Microsoft has unveiled Security Copilot, an AI-powered analysis tool that aims to simplify, augment and accelerate security operations (SecOps) professionals’ work.
Using Microsoft Security Copilot
Security Copilot takes the form of a prompt bar through which security operation center (SOC) analysts ask questions in natural language and receive practical responses.
They can ask it to identify ongoing incidents, analyze code snippets, provide information about added links or files, analyze alerts from other security tools used by the enterprise, and more.
Microsoft Security Copilot is billed as a tool for cutting through – among other things – the chaos of alerts and incidents popping up and demanding security operation center (SOC) analysts’ attention.
It can surface prioritized threats in real time, offer predictive guidance to help analysts foil attackers’ next steps and, in general, accelerate incident investigation and response.
The tool can integrate insights and data from various security tools, including Microsoft Defender (antivirus), Sentinel (cloud-native SIEM and SOAR), Purview (unified data governance for SaaS), and Intune (unified endpoint management for corporate and BYOD devices).
The answers it provides are based internal (corporate) data and external data.
An AI tool that facilitates security analysis, collaboration and learning
Security Copilot enables fast(er) work and collaboration.
Helpful responses can be pinned to a digital pin board, which becomes a summary of findings related to specific investigations and can be shared with colleagues (or they can add their own findings to it).
Prompts can be designed to automatically perform a set of steps meant to achieve a specific goal and then folded into a “prompt book” so others in the SOC can use it even if they lack the actual knowledge that went into creating it.
“A security team’s capacity will always be limited by the team’s size and the natural limits of human attention.

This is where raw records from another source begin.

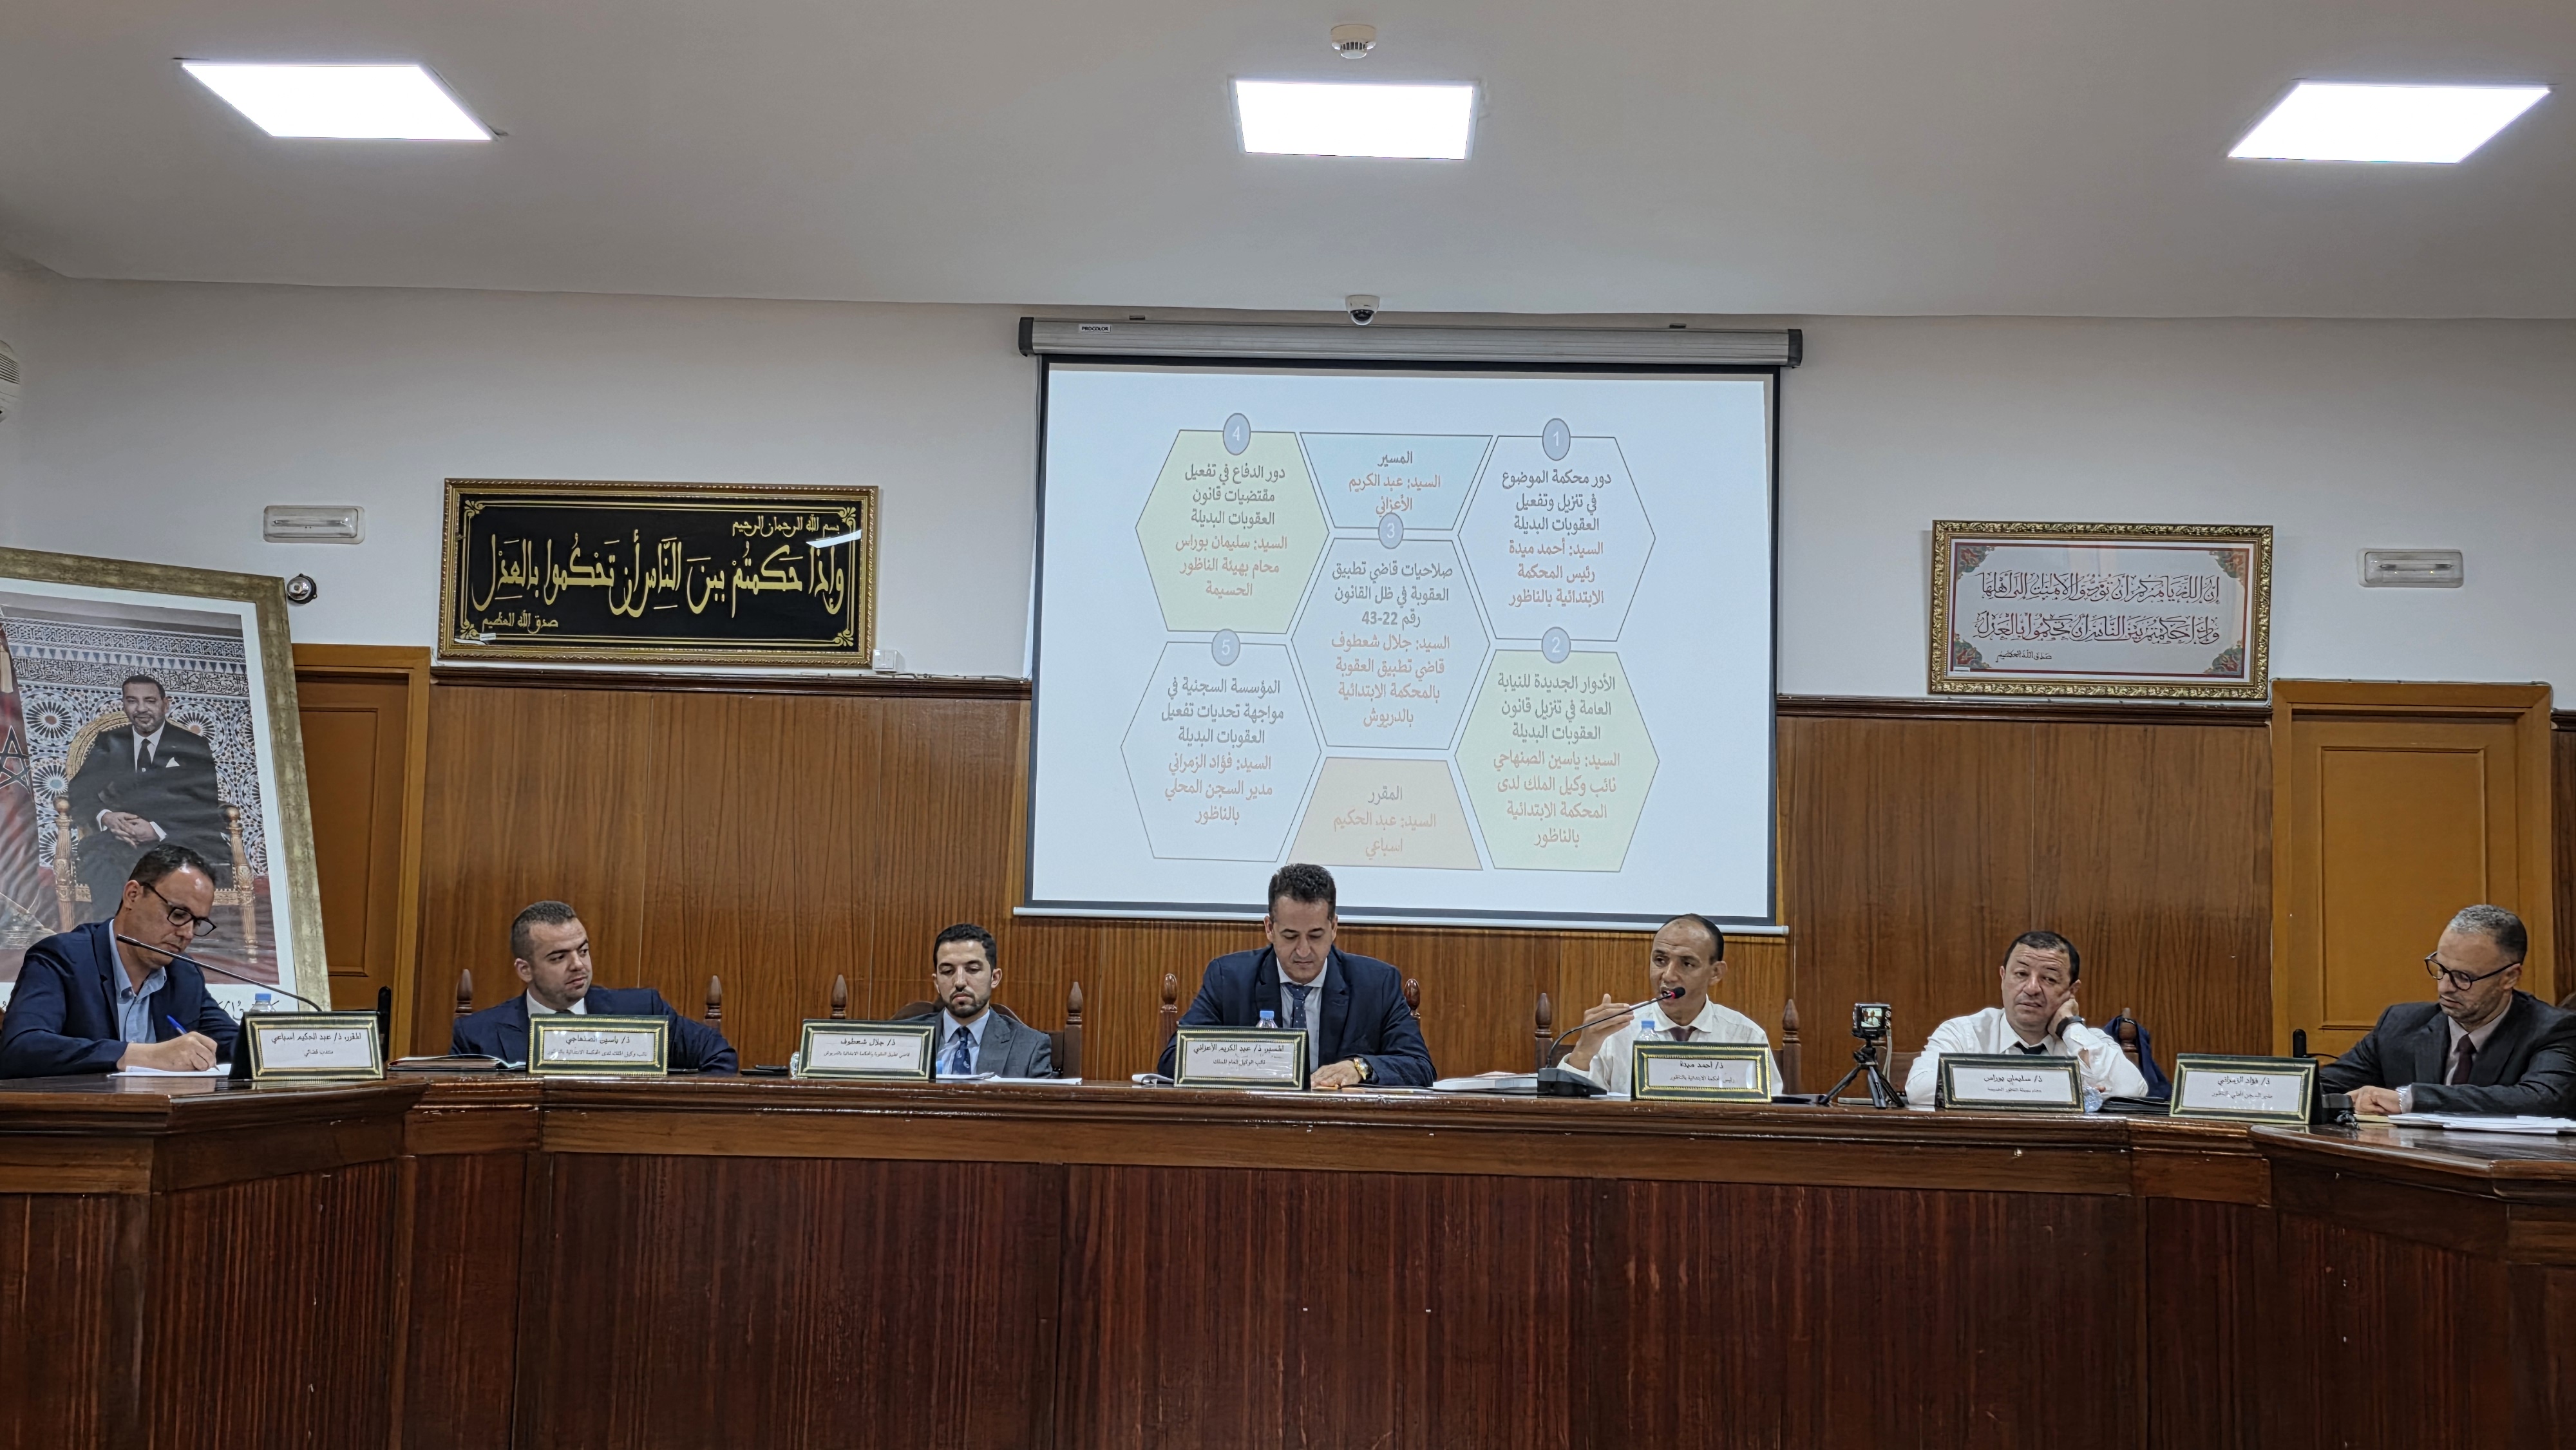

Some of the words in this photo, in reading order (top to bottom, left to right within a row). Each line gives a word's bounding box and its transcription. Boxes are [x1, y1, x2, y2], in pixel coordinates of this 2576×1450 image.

[1231, 426, 1240, 441] 4
[1552, 431, 1560, 447] 1
[1377, 451, 1412, 467] المسير
[1185, 462, 1217, 481] تفعيل
[1218, 464, 1229, 486] في
[1233, 462, 1264, 484] الدفاع
[1265, 469, 1285, 483] دور
[1502, 469, 1548, 489] الموضوع
[1552, 468, 1590, 484] محكمة
[1349, 472, 1380, 493] الكريم
[1383, 476, 1403, 491] عبد
[1407, 474, 1441, 491] السيد:
[1591, 474, 1611, 489] دور
[1193, 485, 1221, 505] قانون
[1224, 488, 1274, 505] مقتضيات
[1516, 493, 1554, 512] وتفعيل
[1557, 493, 1583, 513] تنزيل
[1587, 493, 1596, 516] في
[732, 515, 764, 537] الرحيم
[806, 514, 819, 532] الله
[1191, 508, 1225, 528] البديلة
[1228, 511, 1274, 530] العقوبات
[1514, 514, 1548, 534] البديلة
[1552, 517, 1599, 536] العقوبات
[822, 523, 840, 538] بسم
[1387, 522, 1395, 538] 3
[1175, 534, 1208, 552] بوراس
[1211, 534, 1250, 551] سليمان
[1254, 535, 1287, 552] السيد:
[1510, 540, 1534, 558] ميدة
[1537, 537, 1565, 555] أحمد
[1569, 541, 1603, 558] السيد:
[1179, 557, 1218, 576] الناظور
[1222, 557, 1249, 576] بهيئة
[1253, 560, 1279, 579] محام
[1332, 561, 1366, 580] تطبيق
[1370, 560, 1397, 584] قاضي
[1401, 562, 1453, 580] صلاحيات
[1517, 563, 1563, 579] المحكمة
[1566, 565, 1595, 583] رئيس
[1206, 580, 1253, 599] الحسيمة
[1334, 585, 1371, 604] القانون
[1375, 585, 1393, 604] ظل
[1397, 585, 1407, 608] في
[1411, 585, 1449, 606] العقوبة
[1508, 588, 1552, 607] بالناظور
[1556, 588, 1604, 608] الابتدائية
[482, 612, 515, 633] العظيم
[517, 610, 531, 628] الله
[527, 615, 558, 634] صدق
[1401, 607, 1421, 631] رقم
[1222, 639, 1230, 655] 5
[1332, 631, 1379, 652] شعطوف
[1383, 634, 1412, 652] جلال
[1416, 635, 1450, 652] السيد:
[1551, 637, 1561, 654] 2
[1336, 656, 1374, 677] العقوبة
[1377, 659, 1412, 677] تطبيق
[1416, 658, 1444, 682] قاضي
[1168, 677, 1178, 700] في
[1182, 677, 1227, 697] السجنية
[1231, 678, 1280, 699] المؤسسة
[1498, 672, 1530, 692] للنيابة
[1535, 673, 1578, 693] الجديدة
[1580, 673, 1615, 694] الأدوار
[1338, 682, 1386, 702] الابتدائية
[1390, 681, 1439, 704] بالمحكمة
[1162, 702, 1194, 721] تفعيل
[1197, 704, 1240, 722] تحديات
[1244, 702, 1283, 725] مواجهة
[1502, 697, 1531, 718] قانون
[1535, 699, 1562, 720] تنزيل
[1566, 699, 1576, 724] في
[1580, 699, 1611, 715] العامة
[1363, 708, 1414, 728] بالدريوش
[1179, 726, 1213, 747] البديلة
[1217, 729, 1265, 749] العقوبات
[1512, 722, 1548, 744] البديلة
[1552, 725, 1600, 745] العقوبات
[1169, 753, 1206, 776] الزمراني
[1209, 751, 1232, 774] فؤاد
[1236, 755, 1271, 773] السيد:
[1548, 751, 1580, 770] ياسين
[1585, 752, 1620, 770] السيد:
[1165, 778, 1202, 801] المحلي
[1206, 780, 1244, 798] السجن
[1245, 784, 1272, 800] مدير
[1497, 775, 1519, 792] لدى
[1524, 775, 1555, 791] الملك
[1560, 775, 1586, 796] وكيل
[1590, 777, 1616, 798] نائب
[1368, 786, 1402, 805] المقرر
[1195, 805, 1240, 825] بالناظور
[1506, 800, 1556, 821] الابتدائية
[1560, 801, 1607, 818] المحكمة
[1334, 809, 1372, 832] الحكيم
[1376, 815, 1396, 831] عبد
[1401, 813, 1435, 831] السيد:
[1533, 827, 1580, 848] بالناظور
[1366, 838, 1403, 860] اسباعي
[296, 1032, 317, 1041] الحكيم
[869, 1038, 884, 1047] جلال
[1218, 1044, 1237, 1053] الكريم
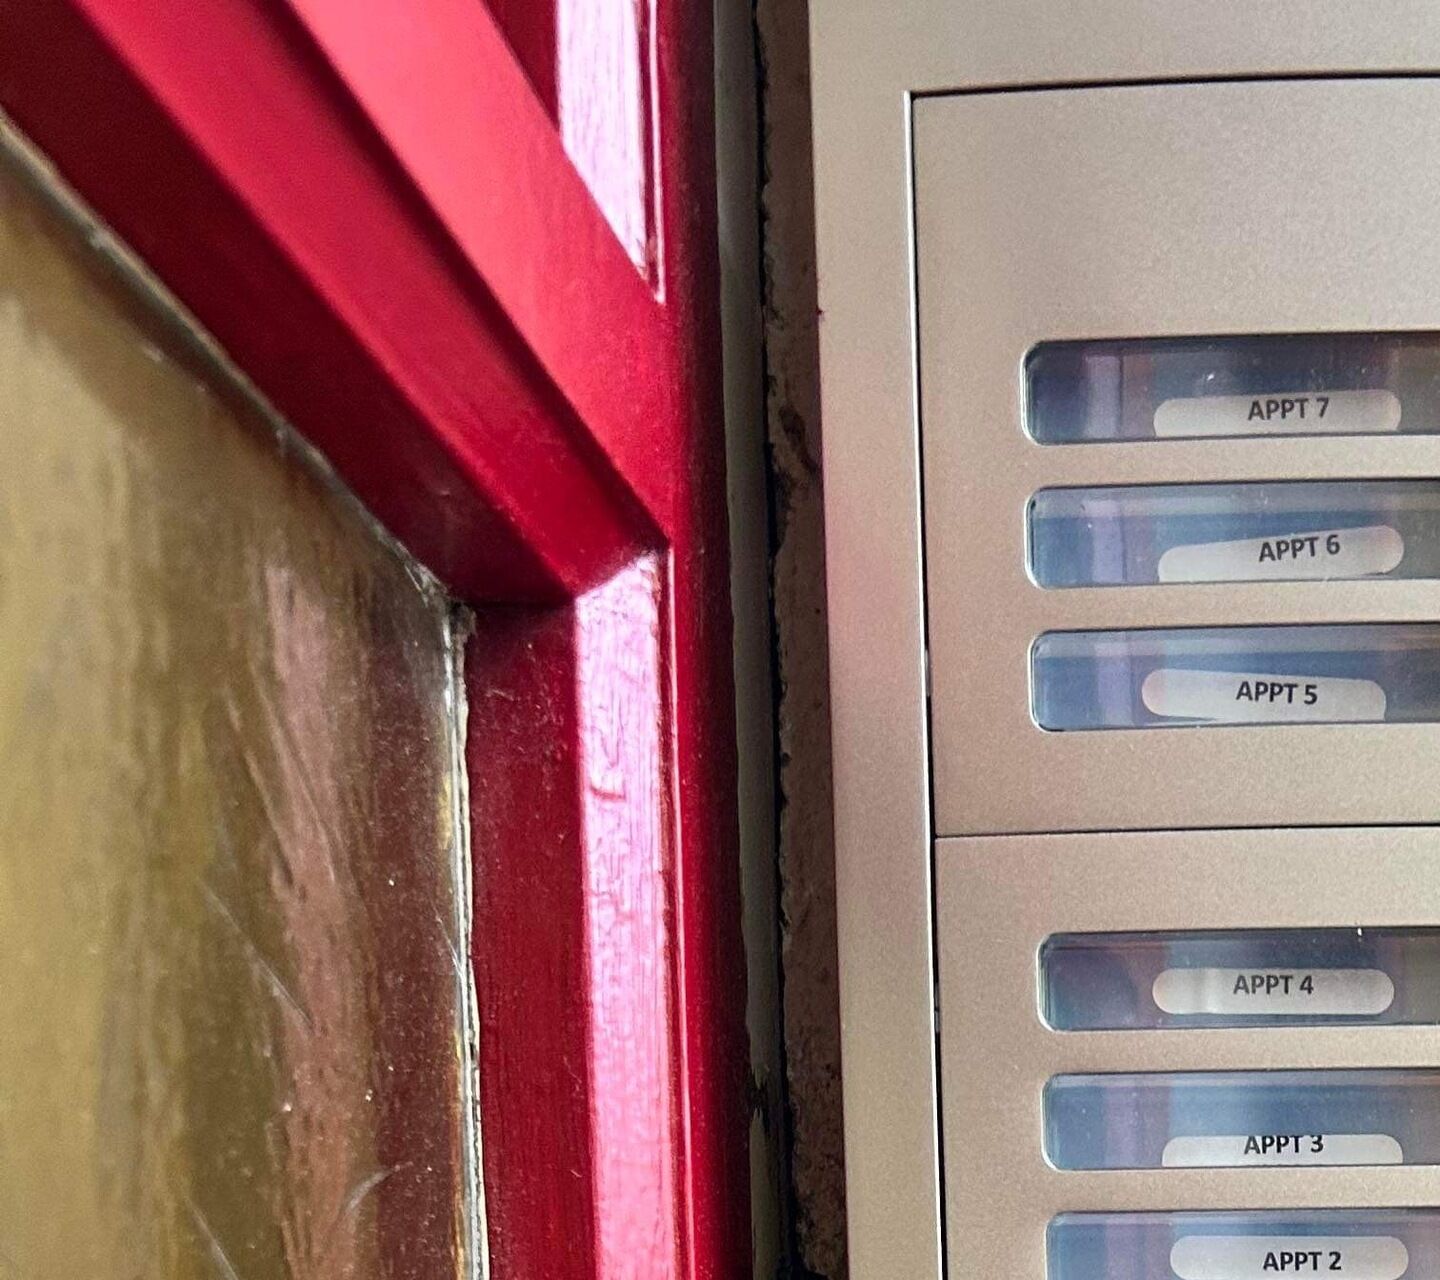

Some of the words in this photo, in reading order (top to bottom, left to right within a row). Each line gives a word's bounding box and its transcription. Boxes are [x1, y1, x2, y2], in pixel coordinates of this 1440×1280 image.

[1247, 397, 1310, 421] APPT
[1315, 396, 1331, 418] 7
[1258, 537, 1320, 563] APPT
[1325, 534, 1341, 556] 6
[1235, 680, 1300, 704] APPT
[1303, 683, 1318, 706] 5
[1233, 974, 1295, 995] APPT
[1299, 974, 1315, 995] 4
[1243, 1135, 1304, 1155] APPT
[1309, 1134, 1324, 1153] 3
[1262, 1251, 1323, 1272] APPT
[1328, 1250, 1342, 1271] 2
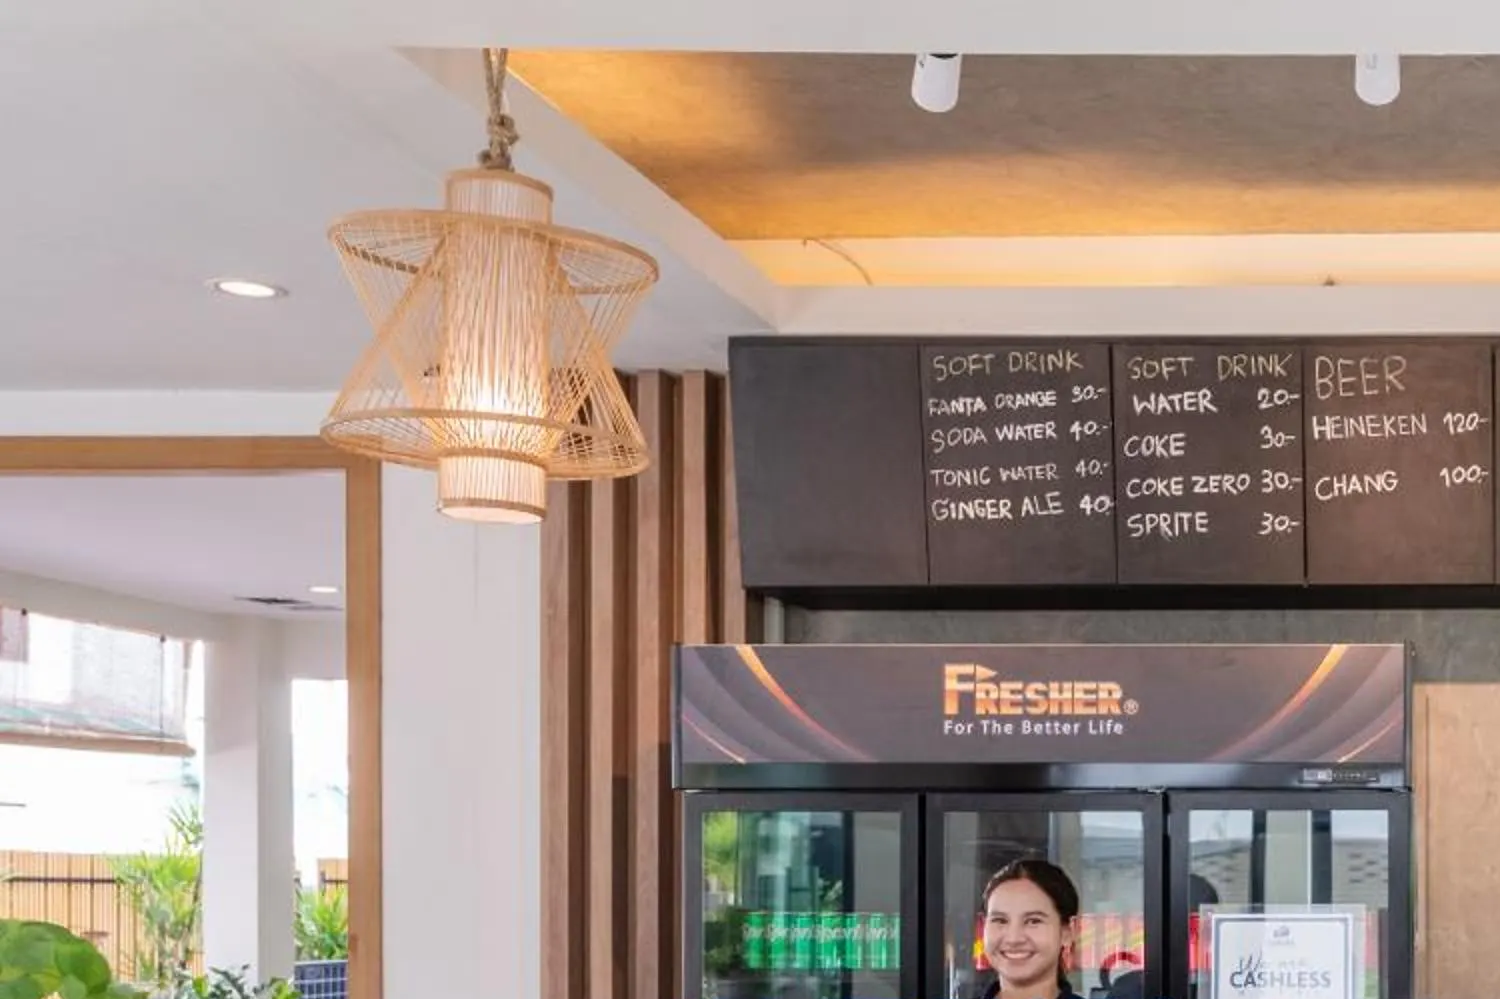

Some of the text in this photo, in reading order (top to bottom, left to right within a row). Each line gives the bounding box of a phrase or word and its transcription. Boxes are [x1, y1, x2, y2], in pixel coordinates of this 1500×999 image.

[933, 349, 1084, 382] SOFT DRINK
[1127, 353, 1293, 381] SOFT DRINK
[1315, 355, 1407, 400] BEER
[928, 397, 987, 417] FANTA
[995, 390, 1057, 410] ORANGE
[1132, 388, 1218, 416] WATER
[931, 427, 988, 454] SODA
[995, 421, 1057, 441] WATER
[1312, 413, 1427, 441] HEINEKEN
[1123, 432, 1186, 458] COKE
[930, 466, 991, 488] TONIC
[1000, 463, 1059, 482] WATER
[1126, 476, 1185, 499] COKE
[1191, 472, 1251, 496] ZERO
[1314, 469, 1400, 501] CHANG
[931, 497, 1013, 521] GINGER
[1020, 491, 1065, 518] ALE
[1127, 511, 1209, 540] SPRITE
[944, 719, 1124, 735] For The Better Life
[1229, 970, 1332, 989] CASHLESS

Security Copilot boosts your defenders’ skills with its ability to answer security-related questions – from the basic to the complex,” explained Vasu Jakkal, corporate vice president of security, compliance, and identity management at Microsoft.
“Security Copilot continually learns from user interactions, adapts to enterprise preferences, and advises defenders on the best course of action to achieve more secure outcomes. It also supports learning for new team members as it exposes them to new skills and approaches as they develop. This enables security teams to do more with less, and to operate with the capabilities of a larger, more mature organization.”
Accuracy and data security
Microsoft doesn’t hide the fact that Security Copilot doesn’t always get everything right, but counts on users to identify the errors in answers and report them to the company to help them improve the tool.
“Security Copilot is a closed-loop learning system, which means it’s continually learning from users and giving them the opportunity to give explicit feedback with the feedback feature that is built directly into the tool. As we continue to learn from these interactions, we are adjusting its responses to create more coherent, relevant and useful answers,” Jakkal added.
Finally, Microsoft promises to protect the data users enter into Security Copilot, to refrain from monetizing it and from using it to train or enrich foundation AI models used by other customers.
At the moment, Security Copilot is still in private preview.